His prophecy was fulfilled. The Communist Party was unable to gain a single seat from the freely elected parliamentary and senate seats: Solidarity had a landslide victory. President Jaruzelski could not form a government merely by monopolizing key positions. Committed to the democratic process, he at last accepted Solidarity's candidate, the Catholic opposition politician Tadeusz Mazowiecki, who on 24 August 1989 became the first anti-communist prime minister in the entire Soviet bloc since 1948. A total takeover by Solidarity soon followed, and Wałęsa became the president of Poland. A totally free election in 1991 crowned the transformation.

In parallel with the peaceful Polish revolution, Hungary experienced a radical transformation, although taking a different path to revolution. The point of departure here was the 1956 revolution. In spite of reprisals, Hungary could not return to Soviet-type socialism. The reestablished communist regime had to make concessions to the population. János Kadár, the new party boss and prime minister, gradually turned toward economic reforms, which proved successful. The compulsory delivery system in the agrarian sector was abolished, and in 1968 the New Economic Mechanism was introduced. Compulsory planning was eliminated, and market prices and profit motivation for firms were gradually reintroduced. The shortage economy, so typical in Eastern bloc countries, disappeared, and the regime began to promote a strong consumer orientation, which came to be known as "goulash communism." From 1962 citizens could freely travel to the West. Starting in the early 1980s, private entrepreneurship was introduced by means of a partial privatization of the economy. State-owned companies were sold and rented out to private bidders. During the 1980s 60 percent of services, 33 percent of agricultural output, and 80 percent of construction work was produced by private firms. The share of the private sector in industry remained low, at 15 percent. Commercial banking and a Western type of taxation were also reestablished during the 1980s. Foreign direct investment became possible, and giant multinational companies, among others General Motors and General Electric, established subsidiaries in the country.

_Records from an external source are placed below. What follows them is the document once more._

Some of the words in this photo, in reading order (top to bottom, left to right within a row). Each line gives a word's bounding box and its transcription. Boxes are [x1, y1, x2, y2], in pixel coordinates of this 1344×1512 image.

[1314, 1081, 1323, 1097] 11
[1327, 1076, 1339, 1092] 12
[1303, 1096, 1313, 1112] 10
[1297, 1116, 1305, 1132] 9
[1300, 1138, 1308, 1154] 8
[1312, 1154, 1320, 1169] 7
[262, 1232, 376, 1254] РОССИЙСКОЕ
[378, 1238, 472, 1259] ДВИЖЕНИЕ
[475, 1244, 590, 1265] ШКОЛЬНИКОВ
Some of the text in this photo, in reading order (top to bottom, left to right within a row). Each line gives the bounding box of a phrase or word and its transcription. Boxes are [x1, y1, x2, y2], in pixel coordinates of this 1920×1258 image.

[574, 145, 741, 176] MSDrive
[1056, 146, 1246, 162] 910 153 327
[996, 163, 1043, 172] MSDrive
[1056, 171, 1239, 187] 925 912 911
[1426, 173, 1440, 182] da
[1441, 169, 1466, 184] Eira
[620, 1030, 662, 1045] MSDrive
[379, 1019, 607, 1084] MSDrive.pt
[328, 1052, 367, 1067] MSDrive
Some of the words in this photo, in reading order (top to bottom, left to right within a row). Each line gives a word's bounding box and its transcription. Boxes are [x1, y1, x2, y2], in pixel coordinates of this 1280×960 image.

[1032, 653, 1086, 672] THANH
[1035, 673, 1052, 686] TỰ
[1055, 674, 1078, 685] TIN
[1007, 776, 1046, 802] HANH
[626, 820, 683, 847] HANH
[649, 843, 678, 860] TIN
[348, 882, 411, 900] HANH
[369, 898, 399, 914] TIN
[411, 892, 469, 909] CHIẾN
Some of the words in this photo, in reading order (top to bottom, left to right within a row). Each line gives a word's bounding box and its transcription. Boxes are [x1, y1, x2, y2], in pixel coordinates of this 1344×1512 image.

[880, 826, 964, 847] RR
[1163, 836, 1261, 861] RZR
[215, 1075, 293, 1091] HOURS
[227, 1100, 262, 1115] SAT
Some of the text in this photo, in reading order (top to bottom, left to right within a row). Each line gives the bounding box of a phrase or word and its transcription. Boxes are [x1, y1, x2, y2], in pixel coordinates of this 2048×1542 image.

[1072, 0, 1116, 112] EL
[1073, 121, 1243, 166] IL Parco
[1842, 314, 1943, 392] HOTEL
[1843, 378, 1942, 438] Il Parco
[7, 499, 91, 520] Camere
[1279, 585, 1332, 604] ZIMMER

During the decades of reform, a great part of Hungarian intellectuals and reformers gradually undermined the regime, stopping short of revolt. Opposition remained relatively limited but had an important moral influence. The engine of transformation, however, came from within the party as a push for "social-democratization." The reformers demanded a radical shift toward the practice and ideology of the Western welfare states, including the pluralization of the political system. Since the aging and overcautious János Kadár was unable to push further, a coup within the party led to an extraordinary party conference in May 1988, which practically eliminated the old party leadership and led to a gradual takeover by the reform wing. Consequently, prior to the roundtable agreement in Poland and without any major turbulence in the streets, the Central Committee of the Hungarian Communist Party decided in February 1989 to hold free multiparty elections within a year. In October 1989 an extraordinary party congress dissolved the party itself, and two parties were established in its wake: the reform wing formed the Hungarian Socialist Party, which boasted a Western-type social democratic program, while another small party kept the old name and the character of a successor party. The reformist socialists (often called reform communists) naturally did not want to step aside; they wanted to lead the unavoidable transformation and were confident in their ability to win free elections. This did not happen. In March 1990 the reform socialists gained only 10 percent of the votes, while the newly founded right-of-center Hungarian Democratic Forum won a landslide victory and formed a coalition government with smaller opposition parties. The regime collapsed peacefully.

THE DOMINO EFFECT

In the summer of 1989 communism practically collapsed in Poland and Hungary, without opposition from the Gorbachev-led Soviet Union. When Nicolae Ceauşescu, the Romanian communist dictator, turned to Moscow suggesting that military intervention be used to stop Solidarity in Poland, he was turned down. Moreover, when the new Polish prime minister, Tadeusz Mazowiecki, made his first state visit to the Kremlin, Gorbachev said at the official banquet: "It might surprise some people, that I wish you success" (Radio Free Europe, 15 December 1989, pp. 14–15).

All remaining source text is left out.